┌──

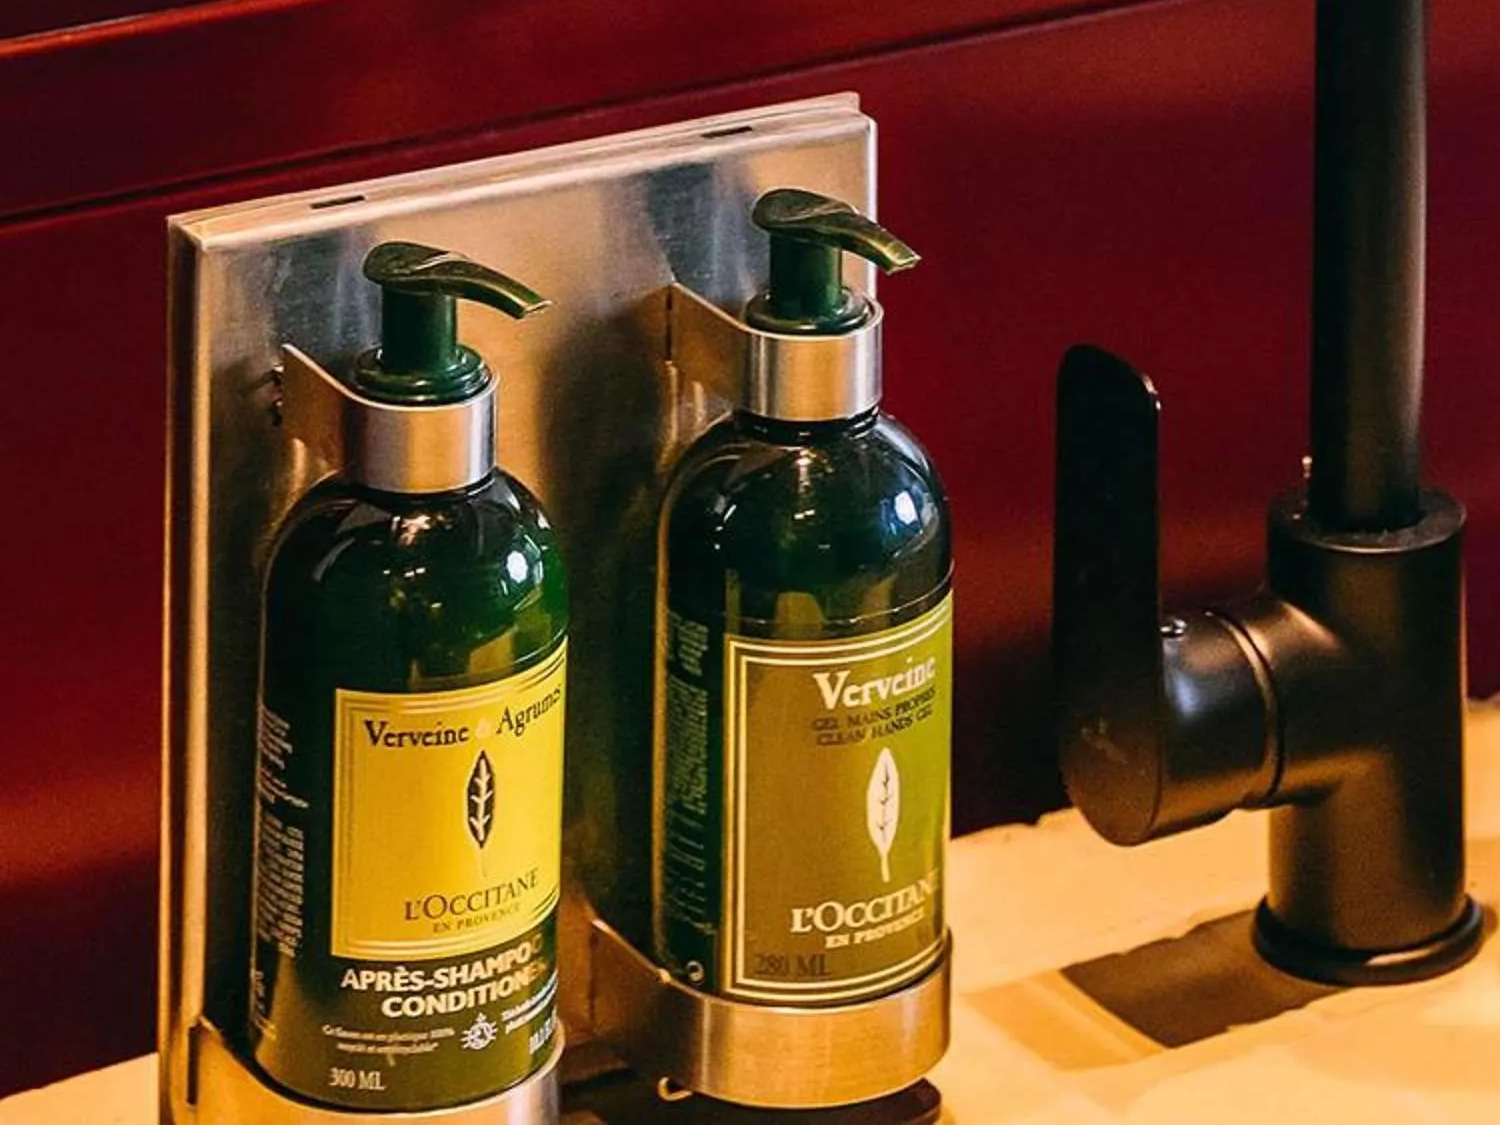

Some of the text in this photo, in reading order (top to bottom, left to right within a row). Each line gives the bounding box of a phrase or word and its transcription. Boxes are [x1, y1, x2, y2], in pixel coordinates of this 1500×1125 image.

[812, 656, 936, 710] Verveine
[848, 707, 891, 728] MAINS
[871, 717, 913, 739] HANDS
[364, 719, 470, 748] Verveine
[404, 867, 539, 921] L'OCCITANE
[790, 867, 939, 933] L'OCCITAN
[433, 903, 520, 934] EN PROVENCE
[825, 934, 850, 949] EN
[798, 953, 832, 976] ML
[328, 1066, 387, 1091] 300 ML

└──

All preceding records should be duplicated verbatim, images excepted.

→ **Solution**
Some of the text in this photo, in reading order (top to bottom, left to right within a row). Each line gives the bounding box of a phrase or word and its transcription. Boxes are [x1, y1, x2, y2], in pixel coordinates of this 1500×1125 image.

[812, 656, 936, 710] Verveine
[848, 707, 891, 728] MAINS
[871, 717, 913, 739] HANDS
[364, 719, 470, 748] Verveine
[404, 867, 539, 921] L'OCCITANE
[790, 867, 939, 933] L'OCCITAN
[433, 903, 520, 934] EN PROVENCE
[825, 934, 850, 949] EN
[798, 953, 832, 976] ML
[328, 1066, 387, 1091] 300 ML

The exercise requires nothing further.